First, I argue that empathy is best thought of as a two-component process. The first component is what I call the rational component of empathy (RCE). RCE is necessary for moral responsibility as it allows us to put ourselves in another's shoes and to realize that we would want help (or not to be harmed) if we were in the other's place. The second component is what I call the emotive component of empathy (ECE). ECE is usually an automatic response to witnessing others in distress. Expanding on Michael Slote's view that moral distinctions track degrees of empathy, I argue that it is ECE that varies in strength depending on our relationship to specific people.
Second, I argue that in order to achieve Peter Singer's goal an "expanding circle" of care for all human beings, it will be necessary to use some form of artificial empathy enhancement. Within this context, I try to show that empathy enhancement is 1) a reasonably foreseeable possibility within the next decade or so, and 2) morally defensible.

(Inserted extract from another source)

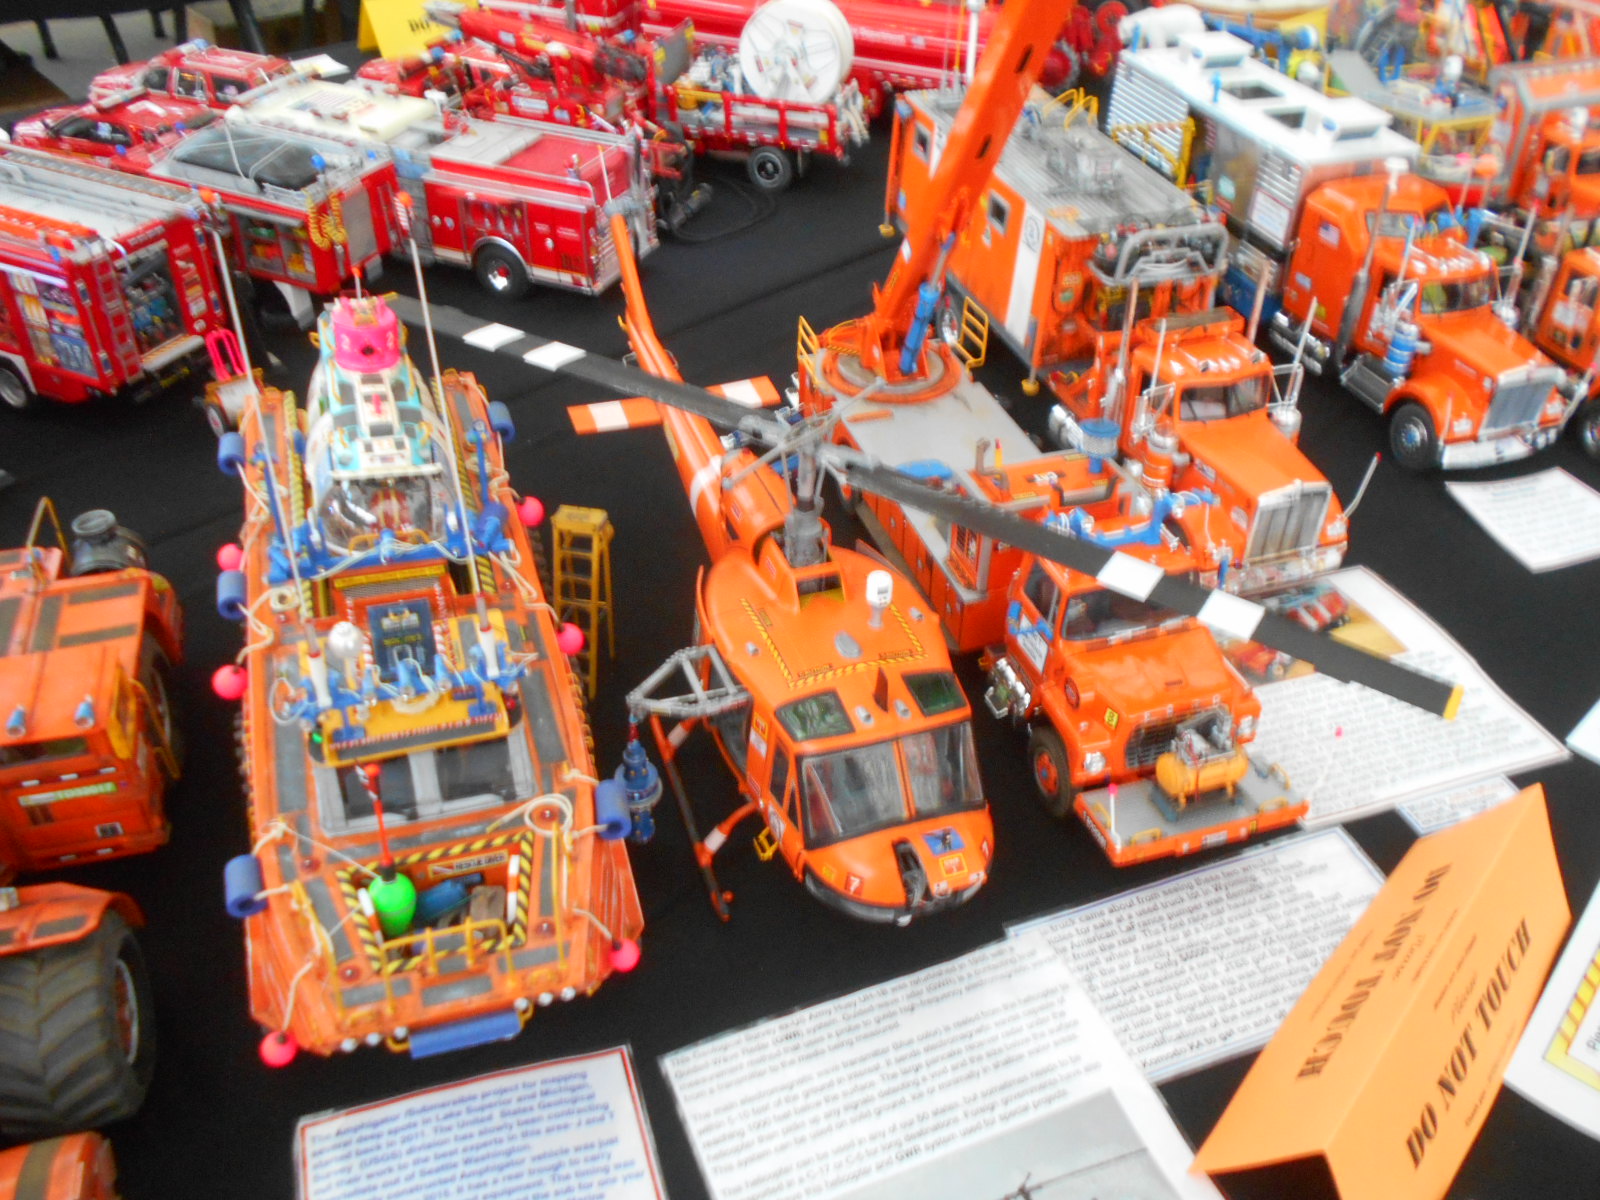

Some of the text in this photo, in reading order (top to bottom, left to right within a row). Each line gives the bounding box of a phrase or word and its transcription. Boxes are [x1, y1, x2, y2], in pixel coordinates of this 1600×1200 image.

Third, I argue that philosophers who argue that psychopaths are not morally responsible for their actions are mistaken. As I see it, these philosophers have erred in treating empathy as a singular concept and concluding that because psychopaths lack empathy they cannot be held morally responsible for their actions. The distinction between RCE and ECE allows us to say that psychopaths lack one component of empathy, ECE, but are still responsible for their actions because they clearly have a functional RCE.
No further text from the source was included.